Working out while not really working is the concept behind a trend known as passive exercise. But does it really work?

Chi Machines continued...

Quist likens it to the "jiggly belts" used in the 1950s, which simply caused your body to shake.

"I don't think they ever proved scientifically that those belts did anything for weight loss, and I think the effect is similar with the Chi machines," says Quist.

Bryant agrees:"Part of the thinking here centers on the Eastern philosophies of energy centers and those are being stimulated by this movement activity, but I have not seen anything even  close to science on that," he says.

He adds that if you just lie on the floor and kick your legs, you would probably get a similar circulatory effect, along with some muscle toning.

Electronic Muscle Stimulators: Ab Stimulating Machines

It's hard to miss the ads for these products -- svelte, toned guys and gals in bikinis, showing off their "six pack" abs, ostensibly delivered courtesy of electronic ab stimulation.

How They Work: You strap on a wide belt wired to a battery. Stimulation is provided by tiny electrical "shocks" delivered at timed intervals, designed to stimulate muscle contractions. 

The Promise: You'll not only have stronger, firmer, more visible abs in 30 days, but you can achieve this without ever getting off your couch, some manufacturers say. One company says you can tone all the muscles in your abdomen in a few weeks using the machine just 30 minutes a day -- while you "watch TV, fold laundry, or help your kids with their homework."

What the Experts Say: According to Bryant, the principal behind ab stimulators comes directly from physical therapy, where it's used to help contract injured muscles. However, he cautions that what works on a damaged muscle will have minimal effects, at best, on a healthy one.

"While you may see some mild improvement, the only way to see 'six pack abs' is to lose the belly fat -- and these stimulators will not help you to do that," says Bryant.

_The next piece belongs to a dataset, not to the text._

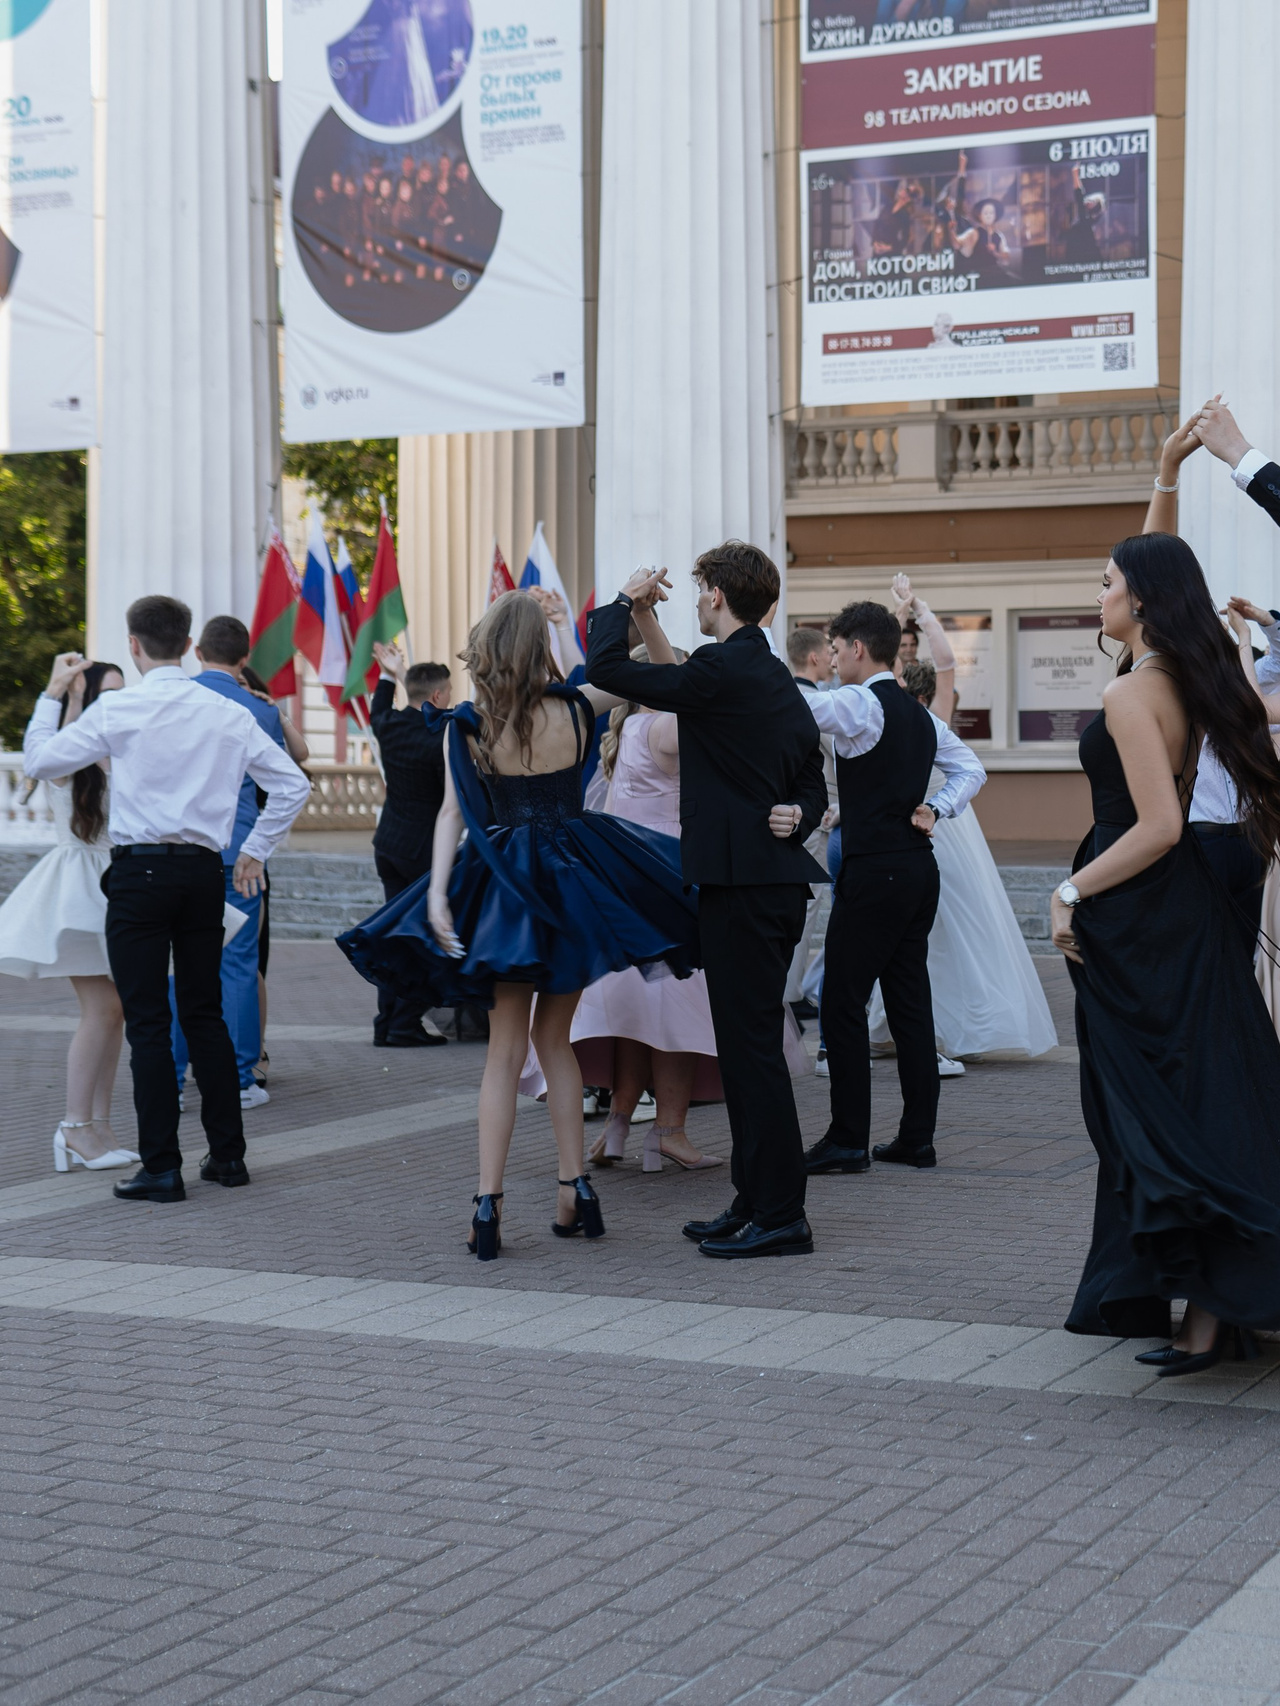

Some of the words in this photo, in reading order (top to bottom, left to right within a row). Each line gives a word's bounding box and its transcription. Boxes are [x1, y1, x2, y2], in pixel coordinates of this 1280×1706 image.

Quist adds that the amount of stimulation necessary to tone healthy muscles would be so great that you would likely burn or injure yourself in the process. "I see no real value for healthy muscles," says Quist.

Varlotta agrees. "If you go back to the basic principals of muscle stimulation, it's to help bring nutrients into the injured area and increase blood supply," he says. "But the studies have failed to show any increase in strength or endurance. So, from a healing standpoint, it may help if you have an injury, but that's about it."

Moreover, in 2003, the makers of three ab stimulators -- Fast Abs, Ab Tronic, and Ab Energizer --agreed to pay more than $5 million to settle Federal Trade Commission charges brought against them for false advertising claims.